A column I wrote in 1998 raised questions about why black men died of prostate cancer at rates so much higher than white men. "I'm no doctor," I wrote, "but perhaps the key to answering some of those questions lies in the answer to this one: Are black men somehow losing the will to live?"
Turns out, the dummy had the answer all along.
So, you can see why there'll be no more taunting from me.
I took news of my diagnosis so poorly that, in the end, my own thoughts had hurt more than the treatment. Fear of negative outcomes had me feeling like the worst had already happened. Oh, woe, is me; I'll never make it to the restroom in time again. And goodbye to all that loving. (As if the ID card in my wallet read "Casanova" instead of "AARP.")

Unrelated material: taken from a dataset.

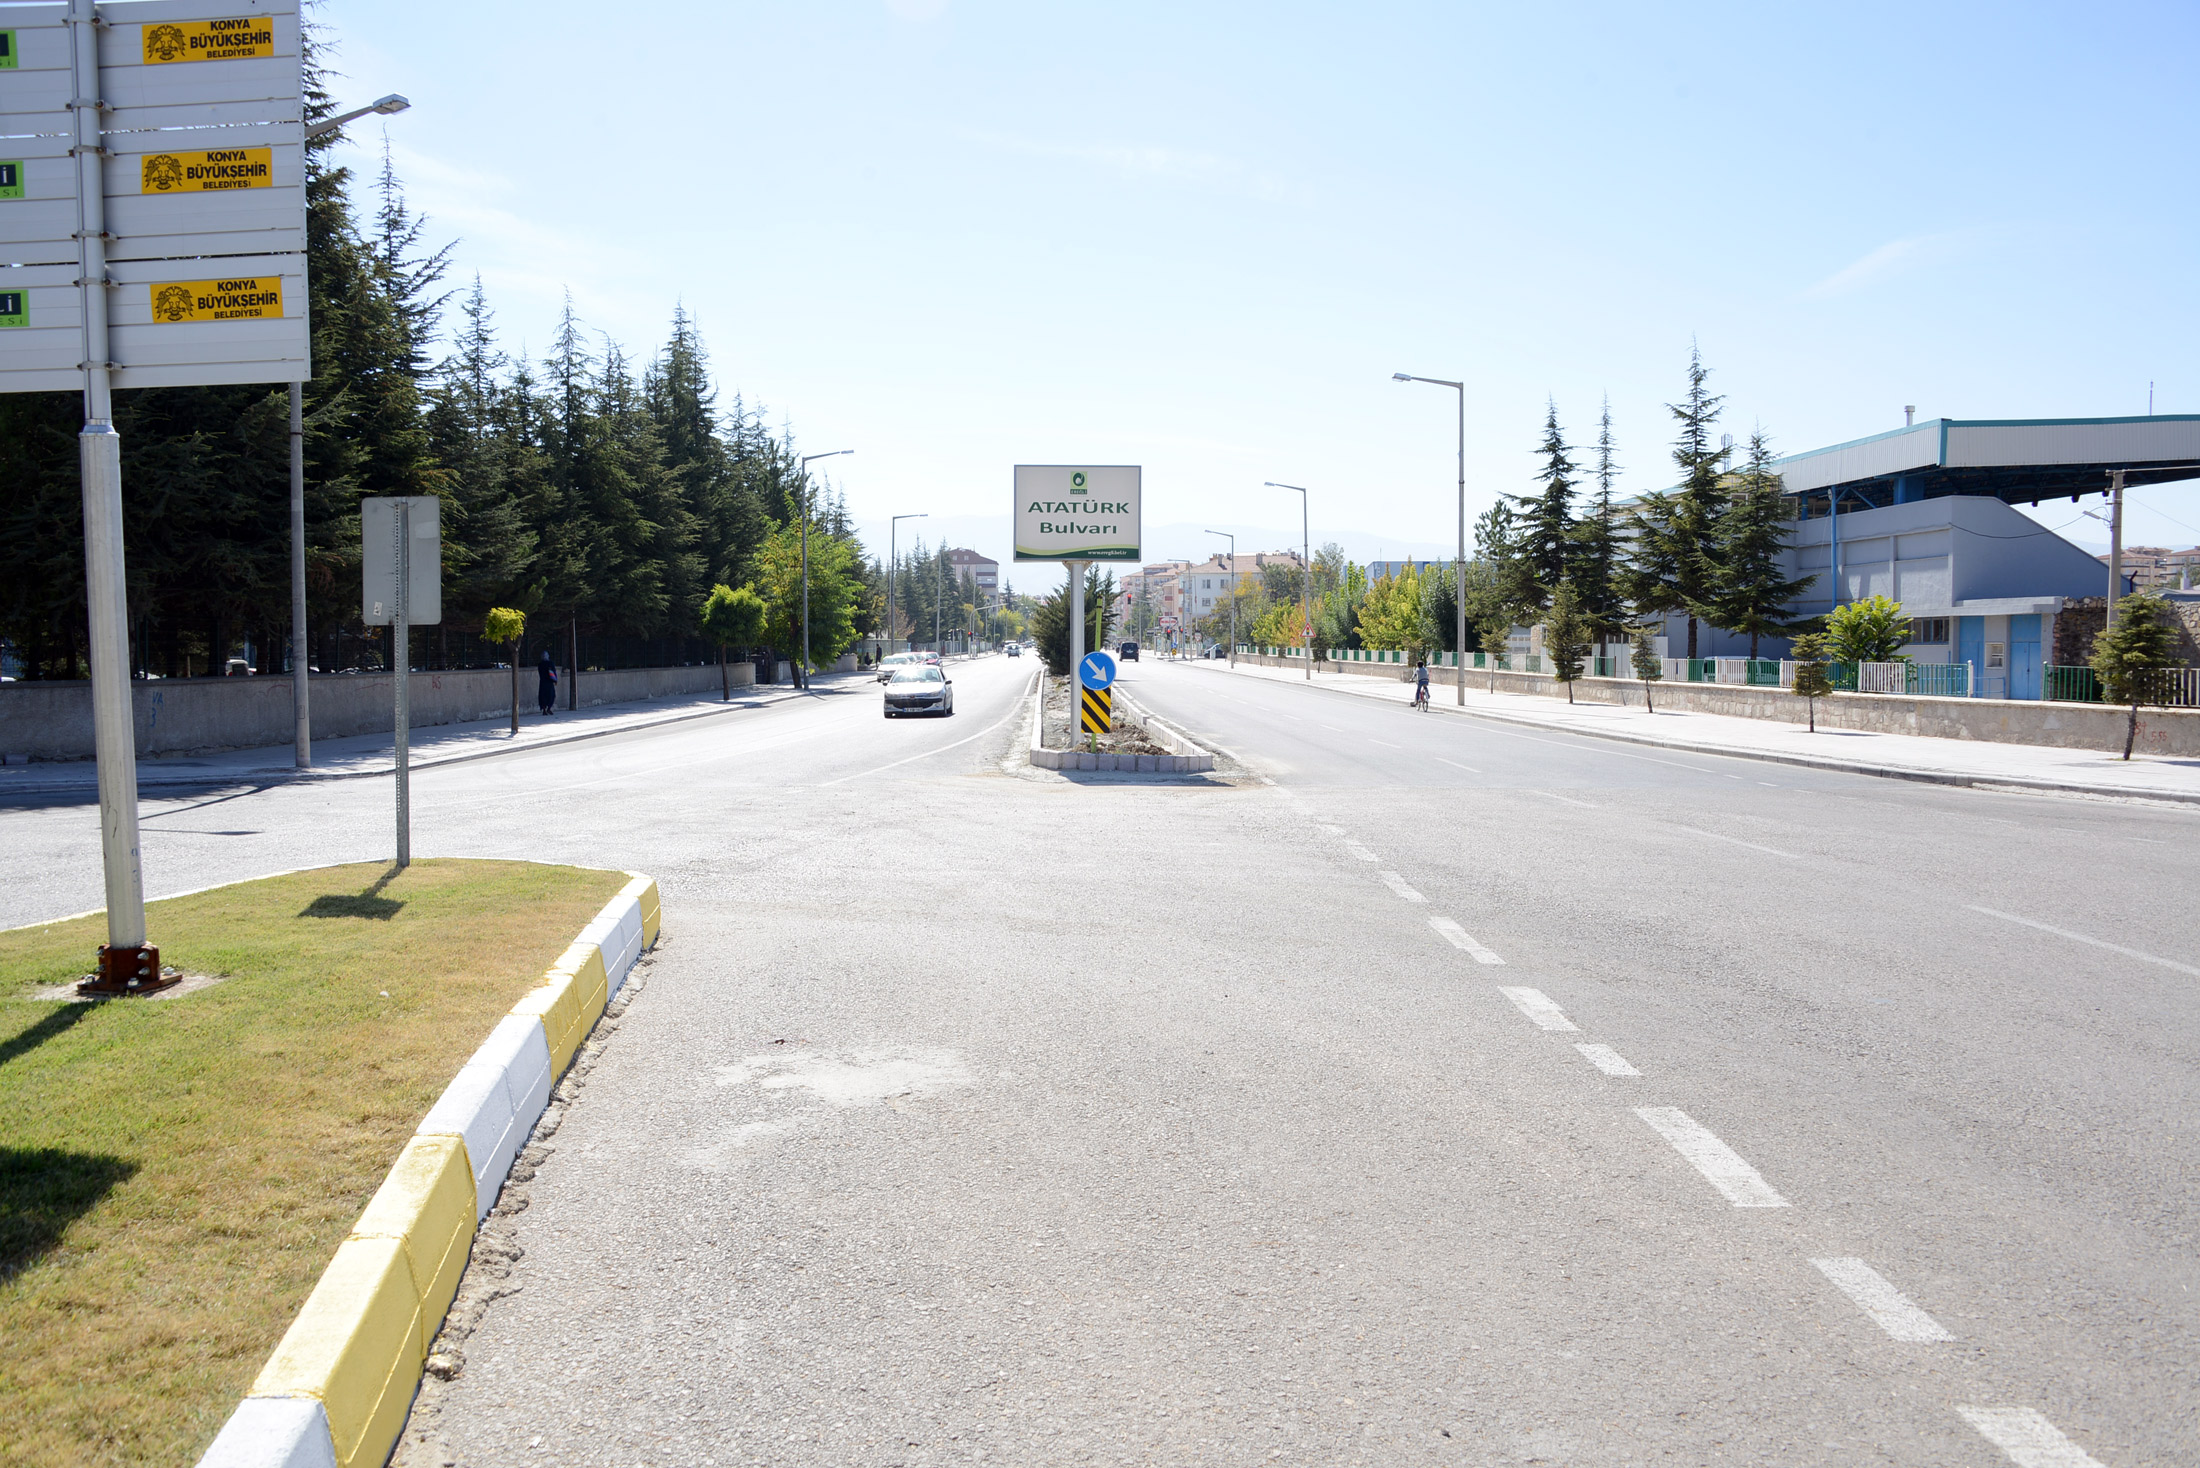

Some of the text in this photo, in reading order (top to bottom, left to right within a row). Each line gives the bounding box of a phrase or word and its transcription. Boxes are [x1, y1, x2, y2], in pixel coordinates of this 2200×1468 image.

A word of caution about information overload: There is so much conjecture and myth mixed in with facts about prostate cancer that separating wheat from chaff was nearly impossible. Rely on the Internet at your own risk. I recommend a book, "Guide to Surviving Prostate Cancer," by Patrick Walsh, a physician at Johns Hopkins University's Brady Urological Institute. Also, talk to a urological oncologist.

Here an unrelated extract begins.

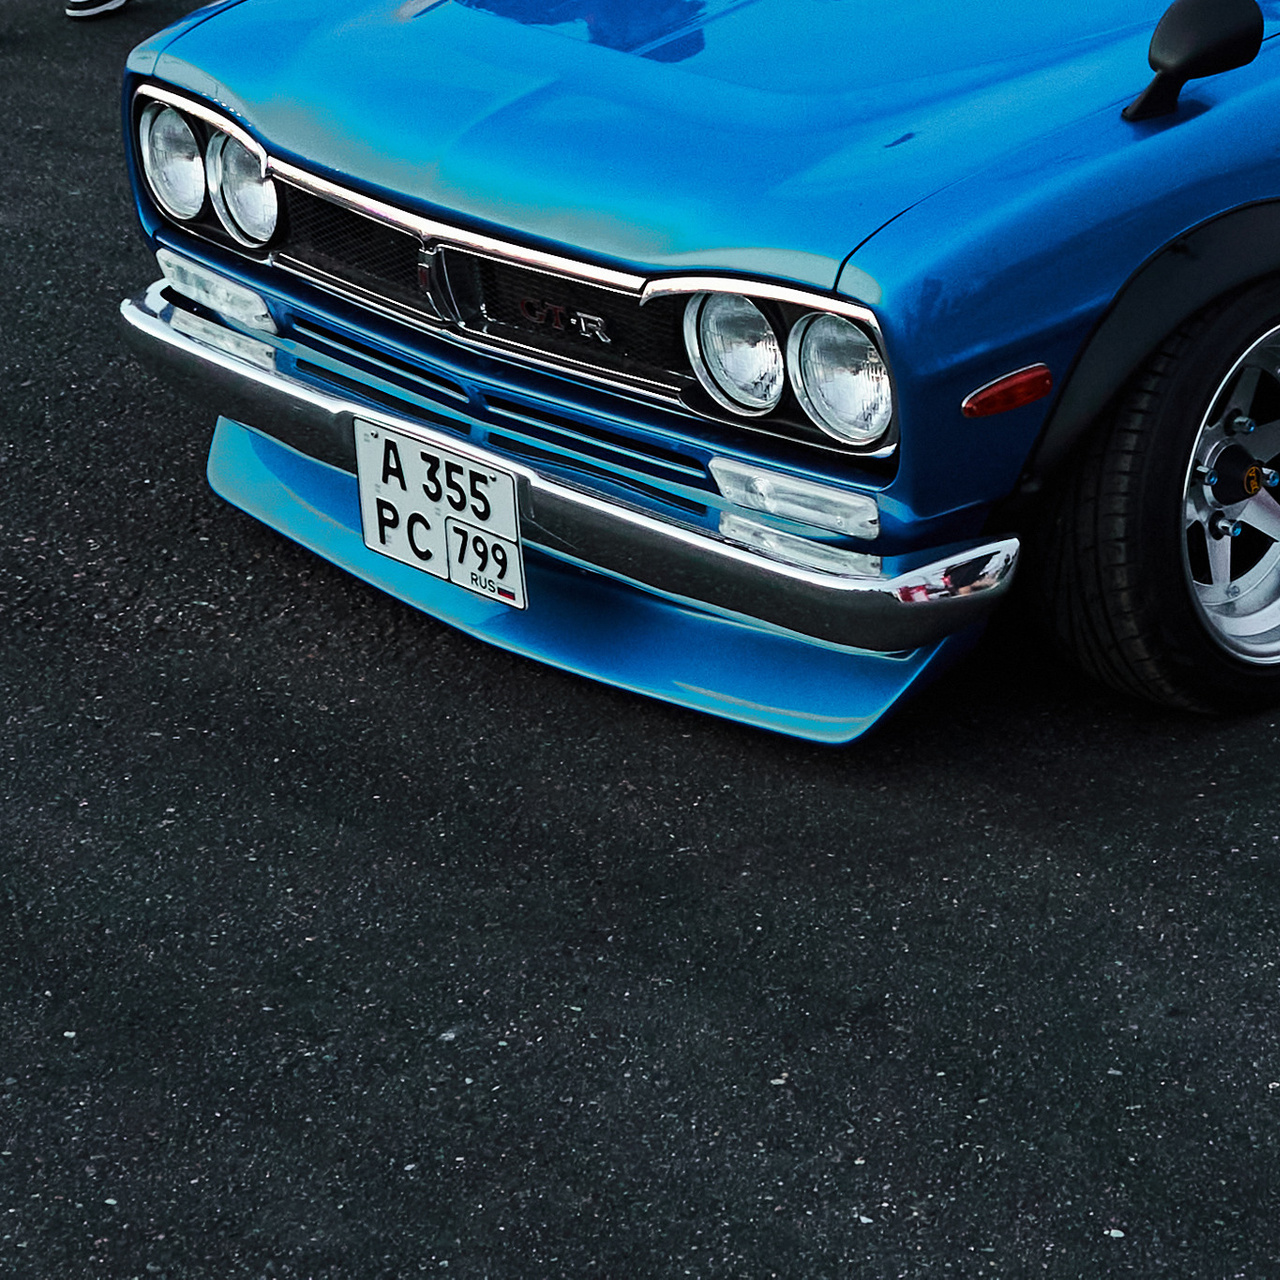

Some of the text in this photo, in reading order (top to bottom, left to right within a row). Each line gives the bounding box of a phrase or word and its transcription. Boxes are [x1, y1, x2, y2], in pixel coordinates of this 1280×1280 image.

[381, 437, 491, 522] A 355
[452, 525, 508, 580] 799
[469, 571, 496, 594] RUS

I did come across two studies that gave me pause, both published last year in the Journal of the National Cancer Institute.
One said that for every man whose life was saved by prostate cancer treatment, at least 20 received treatment that was unnecessary.
Their cancers were found to have been growing so slowly that the men probably would have died of something else if they hadn't known they had the disease. My worries, so it seemed, had not been completely unfounded.
Based on that study, my odds of surviving prostate cancer without treatment were 20 to 1. That raised the Dirty Harry question: Did I feel lucky?
The other study said that black men, perhaps for genetic reasons, were 21 percent more likely to die of advanced prostate cancer than white men, even when they received equal treatment.
Question answered.
I went to Washington Hospital Center and received outstanding medical care from a team that included Robert Dibble, my primary physician; Mohan Verghese, chairman of the urology department; Jonathan Hwang, director of robotics; and Bernadette Denis, a registered nurse who is expert in calming fears.
Good friends counted just as much. There's nothing like being able to talk with the fellows about "sensitive" health issues as easily as we do sports.
When I mentioned to a friend that I was writing about my experience, he said, "That's courageous." Not really. Men trying to cope with the pain of advanced prostate cancer and the family members who suffer with them, they are courageous.
Getting tested and treated in time is a walk in the park by comparison.